George Lazenby‘s one-off Bond film is remarkable change of pace after the last few Connery outings. It’s the first time that the franchise really reinvents itself, and the first to give Bond some personal stakes. His relationship with Diana Rigg‘s Tracey is the backbone of the entire film, giving the typical “Bond raids the villain’s lair” climax an extra level of suspense – surely, he can’t have the happy conclusion he wants? Lazenby may not be anyone’s favourite Bond, but he does do a solid job with a more complex version of the character, someone who isn’t motivated by Queen and country but love for a woman unlike anyone else he’s ever met. Diana Rigg, meanwhile, is one of the best Bond girls, and I really like Telly Savalas as Blofeld – not as iconic as Donald Pleasance, but by far the best Blofeld performance in the series for me. John Barry‘s score is so good, it later became the key inspiration for The Incredibles‘ soundtrack – and features in No Time to Die

2. Skyfall (2012)

In case you haven’t guessed the running theme of this list, my preferred Bond films tend to be the more personal tales, the adventures that delve deeper into the main character and expand him into something (vaguely) more three-dimensional. Skyfall attempts just that, with hints about James’ backstory, but keeps its focus firmly in the present, with the interesting dynamic between Judi Dench‘s M and Daniel Craig‘s 007. There’s mention of a surrogate parent/child dynamic between the two, from Javier Bardem‘s wonderfully camp villain Silva, although the two characters are so cold and emotional distant that they could probably never form that kind of relationship. It’s surprising that after so many films to see a sense of finality to this film, as the characters grow, change, and move on. Skyfall challenges Bond’s relevance in an ever-changing, more technologically advanced world, and while it may be a little over-the-top with its themes, it is filled with striking imagery and some lovely character work.

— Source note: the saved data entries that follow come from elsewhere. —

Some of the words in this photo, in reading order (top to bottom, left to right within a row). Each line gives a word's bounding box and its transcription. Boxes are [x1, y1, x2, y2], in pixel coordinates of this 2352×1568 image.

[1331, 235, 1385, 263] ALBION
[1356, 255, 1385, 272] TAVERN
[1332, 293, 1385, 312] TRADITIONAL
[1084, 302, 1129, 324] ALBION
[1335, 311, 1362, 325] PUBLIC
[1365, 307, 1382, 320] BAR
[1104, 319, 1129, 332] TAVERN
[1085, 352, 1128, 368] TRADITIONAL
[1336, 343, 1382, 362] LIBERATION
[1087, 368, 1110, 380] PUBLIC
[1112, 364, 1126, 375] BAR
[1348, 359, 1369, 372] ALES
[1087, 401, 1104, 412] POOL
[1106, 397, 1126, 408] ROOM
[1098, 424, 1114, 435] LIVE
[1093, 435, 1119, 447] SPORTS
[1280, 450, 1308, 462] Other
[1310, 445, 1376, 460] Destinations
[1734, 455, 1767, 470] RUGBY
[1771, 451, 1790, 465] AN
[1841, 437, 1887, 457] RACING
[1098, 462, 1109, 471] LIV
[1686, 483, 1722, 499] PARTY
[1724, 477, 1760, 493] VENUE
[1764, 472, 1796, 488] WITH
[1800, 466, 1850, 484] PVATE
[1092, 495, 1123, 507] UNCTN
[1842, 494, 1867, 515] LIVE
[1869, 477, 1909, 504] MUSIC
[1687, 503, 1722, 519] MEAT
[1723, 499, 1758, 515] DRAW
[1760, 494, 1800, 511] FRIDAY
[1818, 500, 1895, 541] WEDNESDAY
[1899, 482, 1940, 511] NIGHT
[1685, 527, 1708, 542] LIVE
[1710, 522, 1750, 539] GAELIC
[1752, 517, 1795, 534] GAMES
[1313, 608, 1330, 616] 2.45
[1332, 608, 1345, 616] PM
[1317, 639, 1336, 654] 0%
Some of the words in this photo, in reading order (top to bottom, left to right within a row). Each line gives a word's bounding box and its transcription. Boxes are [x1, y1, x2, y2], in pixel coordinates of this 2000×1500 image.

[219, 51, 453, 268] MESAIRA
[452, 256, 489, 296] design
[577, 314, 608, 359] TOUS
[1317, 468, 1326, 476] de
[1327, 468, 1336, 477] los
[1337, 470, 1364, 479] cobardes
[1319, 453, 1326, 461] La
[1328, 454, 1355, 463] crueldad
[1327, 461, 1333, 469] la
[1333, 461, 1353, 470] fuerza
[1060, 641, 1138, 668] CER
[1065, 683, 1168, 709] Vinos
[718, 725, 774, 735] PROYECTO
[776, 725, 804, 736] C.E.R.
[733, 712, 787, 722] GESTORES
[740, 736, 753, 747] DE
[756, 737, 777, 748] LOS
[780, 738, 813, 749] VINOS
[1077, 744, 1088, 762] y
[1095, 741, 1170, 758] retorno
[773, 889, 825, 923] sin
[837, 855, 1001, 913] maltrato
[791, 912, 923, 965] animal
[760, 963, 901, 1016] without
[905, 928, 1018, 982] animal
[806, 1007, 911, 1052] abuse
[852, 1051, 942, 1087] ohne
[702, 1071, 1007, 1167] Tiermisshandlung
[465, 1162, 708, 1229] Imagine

Had you asked me six months ago, I’d have said this was my favourite Daniel Craig Bond film, but on this marathon, I discovered that I actually preferred…

1. Casino Royale (2006)

Trust Goldeneye director Martin Campbell to bring 007 back with style not once but twice in this thrilling prequel/reboot of the franchise, which despite all odds is my favourite of the entire series. The stylish black and white pre-credits sequence is an instant change of pace after the dated CGI and awful puns of Die Another Day, before transitioning into one of the best Bond intros in the entire franchise (You Know My Name being one of the best, if not the best Bond song). Daniel Craig is terrific as a slightly younger, happier and more naïve Bond, and while not quite an origin story for the character, Casino Royale shows us the defining events that made James Bond, the James Bond. Eva Green is great as Bond’s love interest Vesper – the dialogue between the two leads sparkles on screen. Mads Mikkelsen also makes for one of the best 007 villains – not because he’s the evilest but because he’s the most vulnerable, never in control of the situation and trying to regain it any way he can. His surprise fate in the film was a major surprise on my first viewing, and still makes for a dynamic twist. When the classic Monty Norman theme played for the first time and Craig uttered the iconic “Bond… James Bond“, I concluded that Casino Royale is the best 007 film in the entire franchise.

No Time to Die is out now in UK cinemas


3 thoughts on “Top 10 James Bond 007 Films (1962-2021)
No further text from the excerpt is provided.